What does this mean? Philipson contends that, if these theoretical ideas hold, those at the end of life may actually value an additional unit of life much more than a healthy individual would. This would fundamentally alter the cost-benefit calculation used to determine whether EOL spending is efficient or not.

Needless to say, this created quite the stir among the audience. I would say the reaction was a mixture of shock, indignation and awe. I talked to some of the attendees afterwards and people seemed equally split between lauding Philipson for his audacity and fresh insight into an old problem and damning him for his arrogance and his implicit belief that neoclassical economics could yield insight into "softer" phenomenon such as hope.

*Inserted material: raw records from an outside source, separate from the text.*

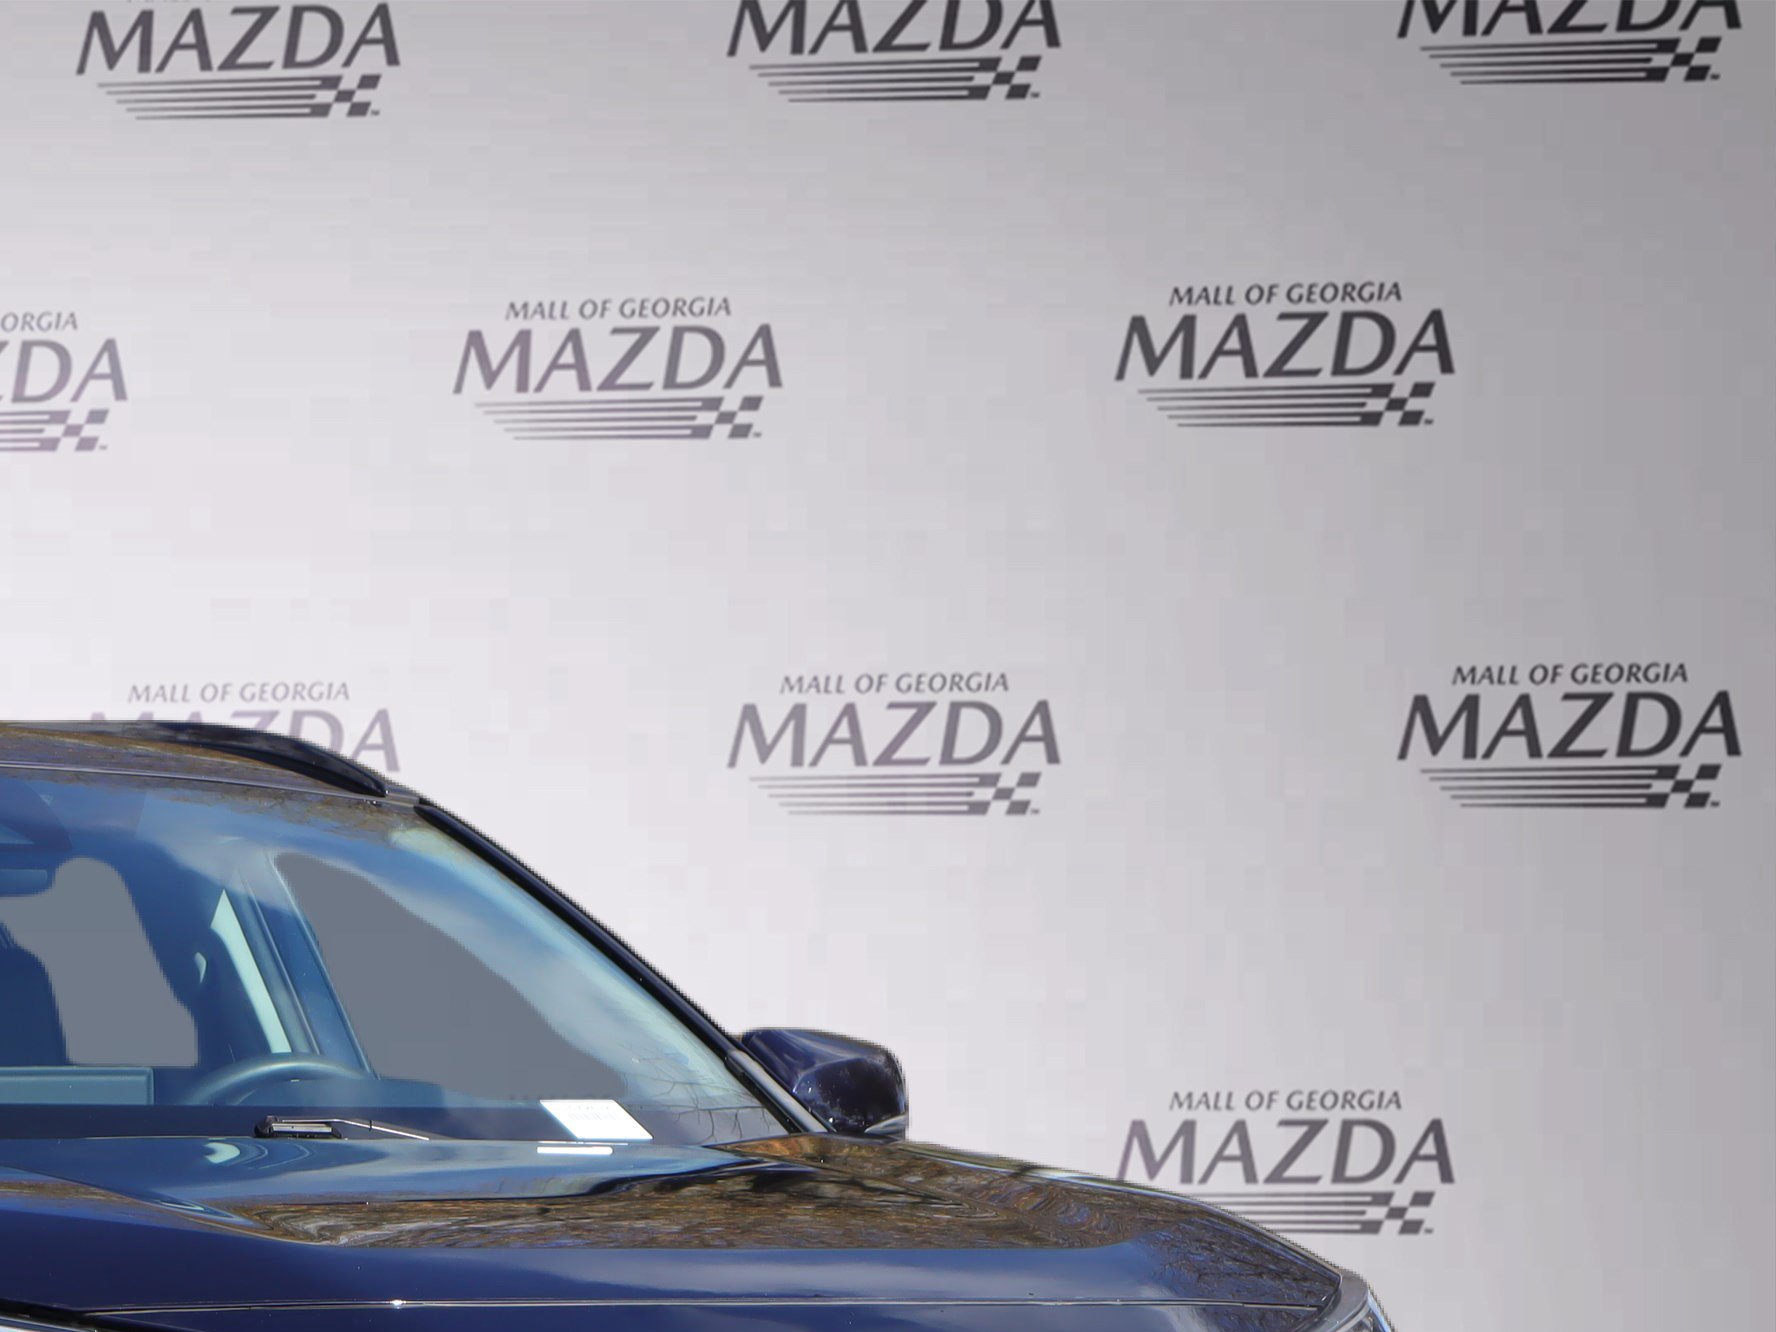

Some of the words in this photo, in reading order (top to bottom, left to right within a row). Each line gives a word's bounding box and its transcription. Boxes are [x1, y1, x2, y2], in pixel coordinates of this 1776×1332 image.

[76, 2, 401, 75] MAZDA
[727, 0, 1061, 57] MAZDA
[505, 300, 569, 321] MALL
[579, 298, 612, 321] OF
[618, 296, 731, 320] GEORGIA
[1169, 285, 1235, 306] MALL
[1245, 284, 1279, 306] OF
[1286, 281, 1402, 305] GEORGIA
[453, 323, 783, 395] MAZDA
[1115, 308, 1455, 381] MAZDA
[127, 683, 190, 704] MALL
[199, 682, 233, 704] OF
[239, 681, 350, 703] GEORGIA
[780, 674, 844, 695] MALL
[854, 673, 888, 695] OF
[895, 672, 1009, 695] GEORGIA
[1452, 665, 1518, 686] MALL
[1528, 663, 1563, 686] OF
[1570, 661, 1688, 686] GEORGIA
[727, 699, 1061, 768] MAZDA
[1397, 689, 1742, 760] MAZDA
[1169, 1091, 1235, 1112] MALL
[1245, 1090, 1279, 1112] OF
[1286, 1088, 1402, 1112] GEORGIA
[1115, 1117, 1455, 1185] MAZDA

All of this is really interesting to me, especially in the context of this book I've been reading: The Chicago School: How the University of Chicago Assembled the Thinkers Who Revolutionized Economics and Business by Van Overtveldt. Here is a passage from the book about Gary Becker, a Nobel Laureate in economics who is best known for his work on various aspects of human capital and extending economic analysis to topics as diverse as the use of time, educational investments, divorce, marriage, polygamy, intergenerational transfers, altruism, crime, kidney transplants, etc:

"The nontraditional orientation of Becker's research has regularly stirred up emotions and given rise to comments such as this one from Robert Solow [ed: another Nobel laureate in economics]: 'There are some things that should not be analyzed as if they were subject to being bought and sold. Let's be philosophical. Call them primary things, things that are intrinsic to themselves. There are all kinds of social circumstances that are fundamentally different from economic circumstances.'"

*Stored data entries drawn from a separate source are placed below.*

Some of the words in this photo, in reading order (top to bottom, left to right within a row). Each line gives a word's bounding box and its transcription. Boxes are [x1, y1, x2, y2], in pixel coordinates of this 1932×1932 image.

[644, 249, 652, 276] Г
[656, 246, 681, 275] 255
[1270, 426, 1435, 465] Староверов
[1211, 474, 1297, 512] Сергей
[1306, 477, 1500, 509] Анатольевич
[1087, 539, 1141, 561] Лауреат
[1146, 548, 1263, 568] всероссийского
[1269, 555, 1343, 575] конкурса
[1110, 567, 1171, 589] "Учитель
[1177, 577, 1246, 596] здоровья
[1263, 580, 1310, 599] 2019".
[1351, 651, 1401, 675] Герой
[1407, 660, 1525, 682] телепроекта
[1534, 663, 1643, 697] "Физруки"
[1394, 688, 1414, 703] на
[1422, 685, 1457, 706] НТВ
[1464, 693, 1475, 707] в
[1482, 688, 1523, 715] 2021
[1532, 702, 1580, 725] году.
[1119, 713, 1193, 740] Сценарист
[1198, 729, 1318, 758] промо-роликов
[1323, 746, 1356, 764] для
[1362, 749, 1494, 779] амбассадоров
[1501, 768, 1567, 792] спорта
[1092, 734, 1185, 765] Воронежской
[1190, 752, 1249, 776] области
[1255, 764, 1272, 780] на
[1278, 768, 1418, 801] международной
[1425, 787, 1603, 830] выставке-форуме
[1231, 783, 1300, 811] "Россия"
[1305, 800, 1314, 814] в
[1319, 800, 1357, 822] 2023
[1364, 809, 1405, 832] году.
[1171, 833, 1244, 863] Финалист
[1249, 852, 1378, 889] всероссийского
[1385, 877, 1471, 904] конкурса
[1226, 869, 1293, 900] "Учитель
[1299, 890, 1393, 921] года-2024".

If we follow Van Overtveldt's thesis, Philipson's talk had all the elements of the Chicago tradition: the belief that neoclassical economics works and can be applied to a wide range of phenomena, the intense desire to question and search for the truth, and the resulting controversy from the efforts.

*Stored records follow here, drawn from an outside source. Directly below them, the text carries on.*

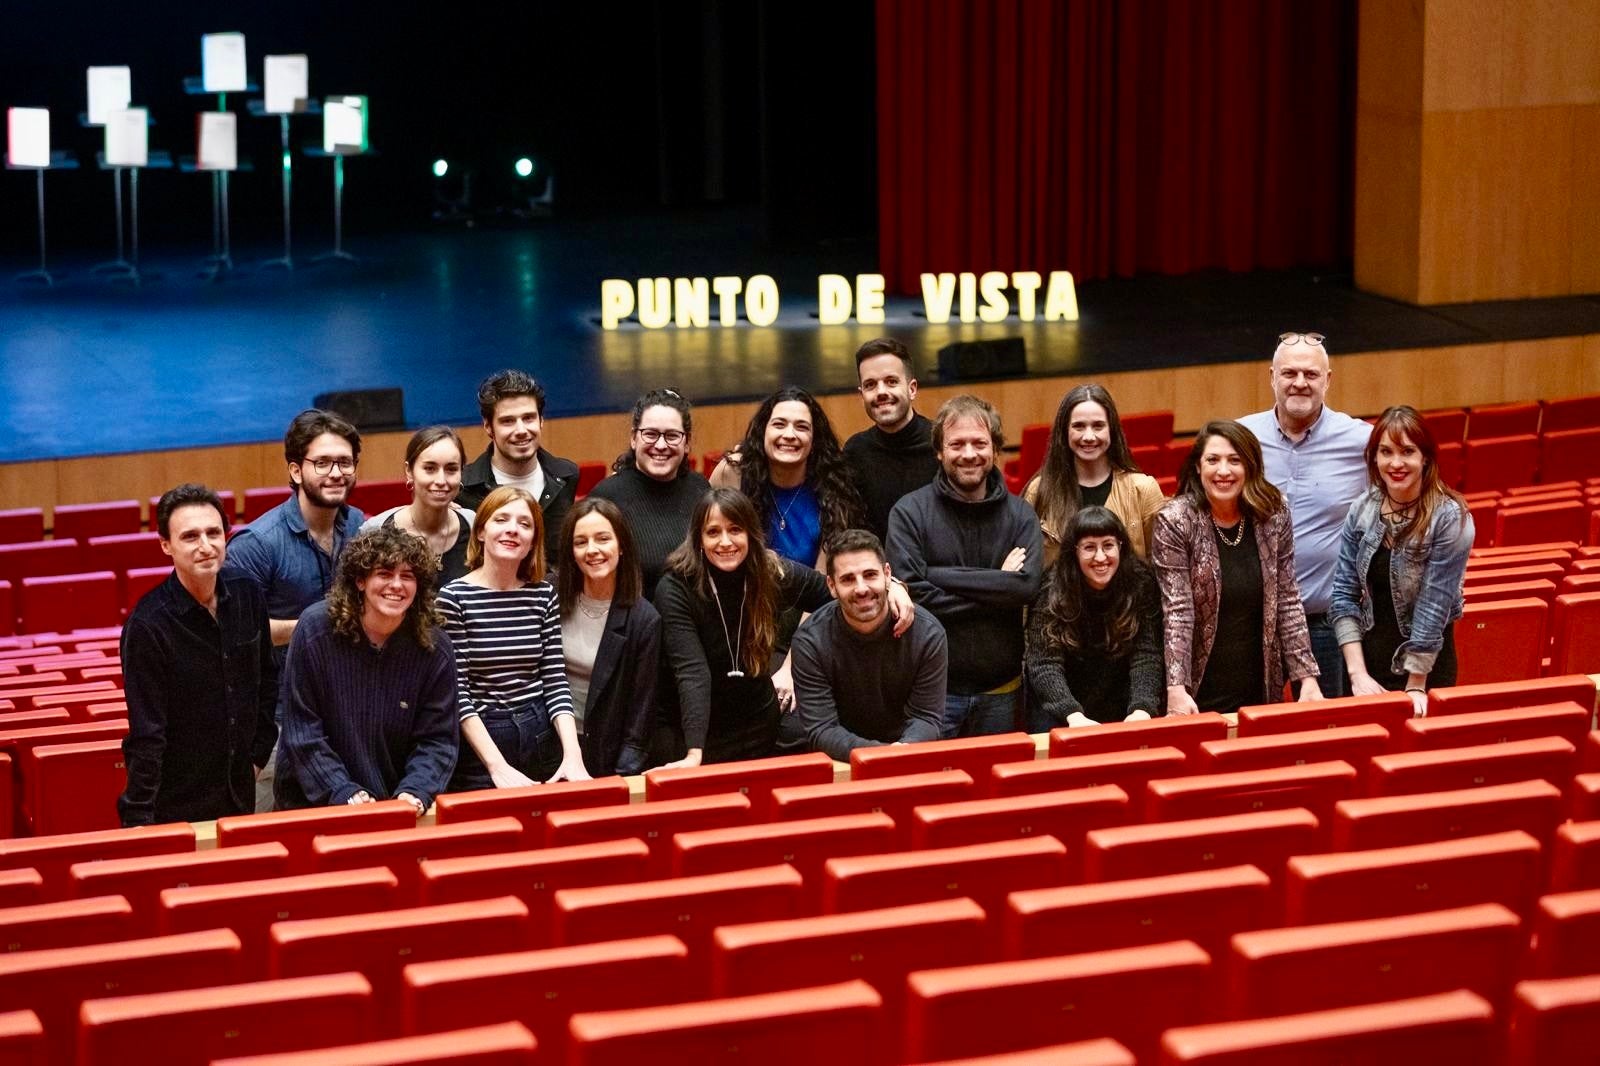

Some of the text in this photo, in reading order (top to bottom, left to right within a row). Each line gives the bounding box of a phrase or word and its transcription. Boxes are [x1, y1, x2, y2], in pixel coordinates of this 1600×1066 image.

[601, 271, 1079, 330] PUNTO DE VISTA
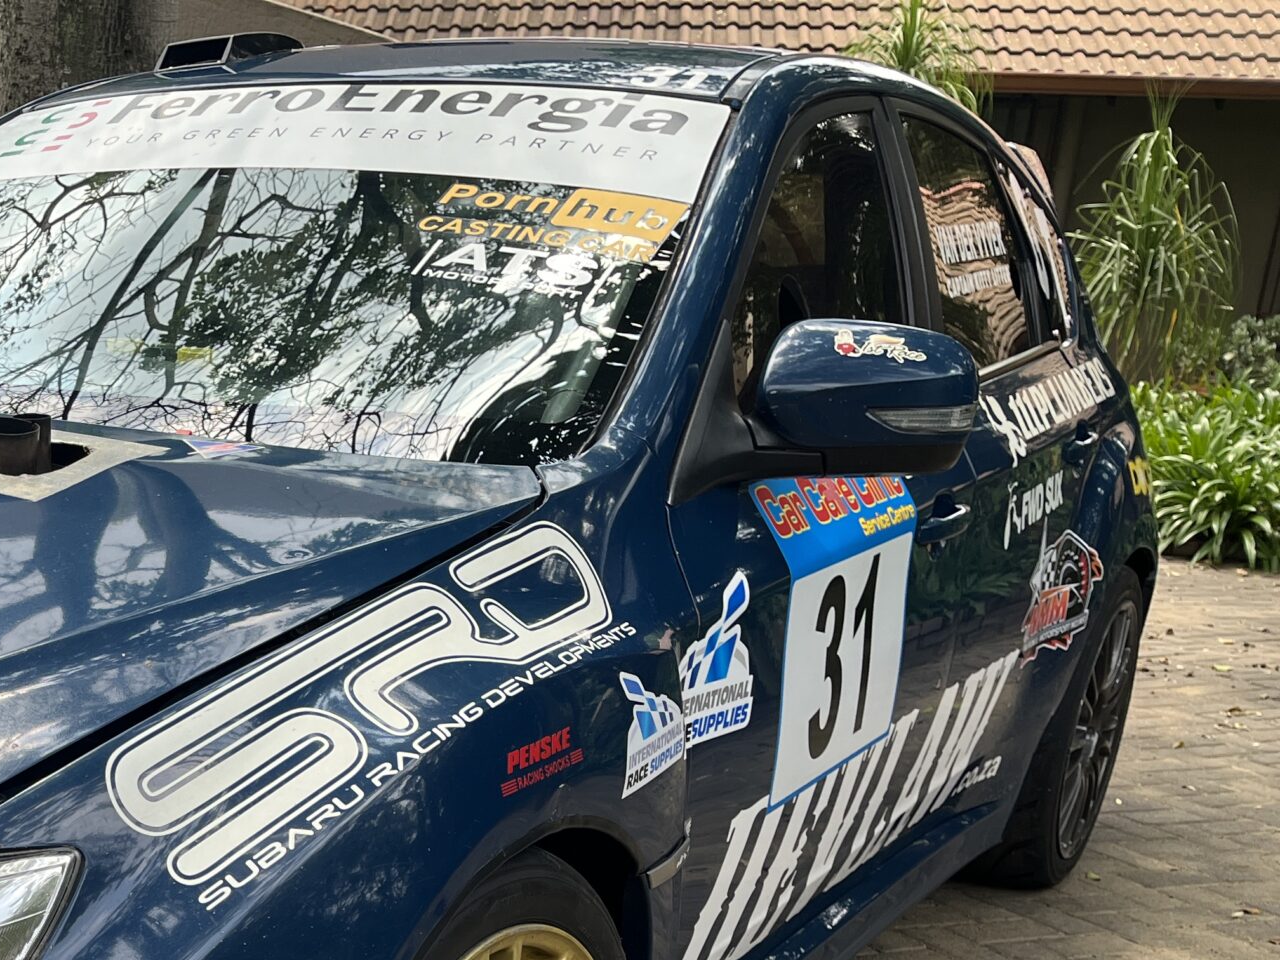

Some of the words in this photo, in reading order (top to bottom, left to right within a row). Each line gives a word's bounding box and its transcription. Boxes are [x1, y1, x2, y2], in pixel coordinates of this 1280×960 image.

[629, 65, 710, 90] 31
[85, 131, 164, 148] YOUR
[182, 127, 289, 142] GREEN
[308, 126, 453, 142] ENERGY
[475, 133, 659, 162] PARTNER
[418, 215, 573, 247] CASTING
[577, 236, 659, 264] CAR
[422, 268, 583, 298] MOTORPORT
[430, 242, 600, 287] ATS
[754, 484, 811, 539] Car
[858, 512, 891, 537] Service
[886, 503, 916, 525] Centre
[1021, 482, 1045, 531] FWD
[807, 552, 881, 761] 31
[104, 520, 614, 887] SRD
[692, 703, 750, 740] SUPPLIES
[198, 783, 365, 911] SUBARU
[366, 702, 485, 788] RACING
[480, 621, 637, 709] DEVELOPMENTS
[507, 726, 571, 775] PENSKE
[626, 762, 649, 791] RACE
[649, 739, 683, 775] SUPPLIES
[628, 724, 683, 771] INTERNATIONAL
[517, 767, 545, 790] RACING
[544, 754, 571, 778] SHOCKS

I myself found the talk to be interesting and the points to be thought-provoking. I do have a few questions though. First, suppose that we are able to calculate a value of life that is specific to those at the end of life. What does that mean? If we find that the benefits of EOL care exceed the costs, it might imply that people are rational. But so what? Could that money still be better spent elsewhere? Second, I wonder what Philipson has to say about the burgeoning health services literature on hospice, which tends to suggests that people are often happier with palliative care than with intensive medical efforts. If people elect to prolong their lives in a rational manner, can they simultaneously be happier not doing that? Does the shift involve a change in preferences (something like coming to peace with one's fate) or is it a question of information (people have stable preferences but do not have information about alternative modes of care?